It’s getting too hot in Budapest to eat warm porridge every-day, so I have turned to my trusty Pinterest for solutions. Mainly to prevent me getting a croissant from the bakery every day, which while magnificent in every way, is arguably not the best way to keep healthy. Arguably.

Pinterest did not disappoint! Hipster-tastic as it may be, I’ve made overnight oats with great success in the past and I love them. Not only are they super easy to put together, since you just mix everything in a large jar or Tupperware box, but in the summer, they’re so refreshing and delicious since they’re cold. It’s also great for the non-morning types out there, like me, since you just spoon it into a bowl and devour in your zombified state. The added bonus of being able to add your favourite fruit, nuts and seeds and make it as healthy as you can ain’t too shabby either!
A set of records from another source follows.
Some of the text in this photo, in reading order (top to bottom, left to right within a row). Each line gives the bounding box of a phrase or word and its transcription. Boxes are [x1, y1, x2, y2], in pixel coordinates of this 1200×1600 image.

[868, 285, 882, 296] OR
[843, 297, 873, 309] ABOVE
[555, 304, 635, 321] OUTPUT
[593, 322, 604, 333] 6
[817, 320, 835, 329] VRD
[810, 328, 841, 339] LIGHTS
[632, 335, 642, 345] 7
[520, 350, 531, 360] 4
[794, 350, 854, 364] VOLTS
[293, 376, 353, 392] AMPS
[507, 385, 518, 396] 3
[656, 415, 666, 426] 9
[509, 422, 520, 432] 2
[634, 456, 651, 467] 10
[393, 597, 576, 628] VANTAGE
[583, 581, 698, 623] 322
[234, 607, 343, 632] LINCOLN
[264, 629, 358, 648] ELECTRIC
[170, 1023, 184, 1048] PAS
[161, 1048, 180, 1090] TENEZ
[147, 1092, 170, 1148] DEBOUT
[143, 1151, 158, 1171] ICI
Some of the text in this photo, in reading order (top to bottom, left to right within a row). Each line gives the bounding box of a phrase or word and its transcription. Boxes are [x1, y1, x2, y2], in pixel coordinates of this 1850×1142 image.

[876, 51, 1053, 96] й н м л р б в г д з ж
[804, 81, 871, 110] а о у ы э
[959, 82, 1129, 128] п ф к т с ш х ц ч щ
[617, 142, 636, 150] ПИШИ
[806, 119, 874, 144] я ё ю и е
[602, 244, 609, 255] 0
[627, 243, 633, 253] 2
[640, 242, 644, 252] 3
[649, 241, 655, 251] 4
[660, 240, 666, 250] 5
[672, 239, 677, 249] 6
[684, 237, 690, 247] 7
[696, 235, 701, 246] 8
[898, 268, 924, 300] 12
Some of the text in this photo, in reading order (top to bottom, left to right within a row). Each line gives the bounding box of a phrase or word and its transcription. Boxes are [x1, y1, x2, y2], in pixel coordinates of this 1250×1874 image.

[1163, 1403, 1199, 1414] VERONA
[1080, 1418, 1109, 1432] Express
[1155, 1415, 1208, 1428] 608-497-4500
I found this recipe, which I amended to suit my own taste and made lactose-free. I’ve heard mixed reviews about cutting out lactose altogether, and while milk is going to be easy for me to drop since I’m not so keen on the taste, I can’t abandon dairy products. Just can’t do it. Even the thought of a grilled cheese is making my mouth go dry. But where possible, cutting down on your lactose intake or substituting for other products can be beneficial for your health, especially if like me, you’re trying to be more healthy without giving up the food you love.

It just so happens that a health food shop near the office is closing down and having a half-price sale, so I took the chance to clear out their stock of almond milk, calendula flowers and cane sugar!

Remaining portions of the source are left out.